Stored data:
----------

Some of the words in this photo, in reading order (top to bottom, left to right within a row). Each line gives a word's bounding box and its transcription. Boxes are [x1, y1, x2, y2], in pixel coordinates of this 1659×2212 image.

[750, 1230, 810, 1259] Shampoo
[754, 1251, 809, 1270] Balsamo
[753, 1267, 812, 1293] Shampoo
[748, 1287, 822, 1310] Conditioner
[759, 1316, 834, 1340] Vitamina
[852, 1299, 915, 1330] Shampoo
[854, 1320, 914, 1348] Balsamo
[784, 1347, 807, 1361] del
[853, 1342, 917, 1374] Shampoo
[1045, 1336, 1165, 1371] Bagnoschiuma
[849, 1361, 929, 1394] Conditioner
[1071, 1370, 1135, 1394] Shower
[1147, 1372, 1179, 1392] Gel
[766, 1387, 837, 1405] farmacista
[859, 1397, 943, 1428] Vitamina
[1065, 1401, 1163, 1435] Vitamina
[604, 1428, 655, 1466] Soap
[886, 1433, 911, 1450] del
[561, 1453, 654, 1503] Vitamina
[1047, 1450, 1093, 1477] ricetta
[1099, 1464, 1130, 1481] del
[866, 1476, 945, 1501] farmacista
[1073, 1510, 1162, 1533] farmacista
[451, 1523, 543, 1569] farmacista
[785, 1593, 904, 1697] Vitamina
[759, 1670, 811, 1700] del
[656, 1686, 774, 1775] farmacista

----------

_YOUR ASSIGNMENT_.
Write the records out precisely, omitting nothing.

_ANSWER BOX_.
Some of the words in this photo, in reading order (top to bottom, left to right within a row). Each line gives a word's bounding box and its transcription. Boxes are [x1, y1, x2, y2], in pixel coordinates of this 1659×2212 image.

[750, 1230, 810, 1259] Shampoo
[754, 1251, 809, 1270] Balsamo
[753, 1267, 812, 1293] Shampoo
[748, 1287, 822, 1310] Conditioner
[759, 1316, 834, 1340] Vitamina
[852, 1299, 915, 1330] Shampoo
[854, 1320, 914, 1348] Balsamo
[784, 1347, 807, 1361] del
[853, 1342, 917, 1374] Shampoo
[1045, 1336, 1165, 1371] Bagnoschiuma
[849, 1361, 929, 1394] Conditioner
[1071, 1370, 1135, 1394] Shower
[1147, 1372, 1179, 1392] Gel
[766, 1387, 837, 1405] farmacista
[859, 1397, 943, 1428] Vitamina
[1065, 1401, 1163, 1435] Vitamina
[604, 1428, 655, 1466] Soap
[886, 1433, 911, 1450] del
[561, 1453, 654, 1503] Vitamina
[1047, 1450, 1093, 1477] ricetta
[1099, 1464, 1130, 1481] del
[866, 1476, 945, 1501] farmacista
[1073, 1510, 1162, 1533] farmacista
[451, 1523, 543, 1569] farmacista
[785, 1593, 904, 1697] Vitamina
[759, 1670, 811, 1700] del
[656, 1686, 774, 1775] farmacista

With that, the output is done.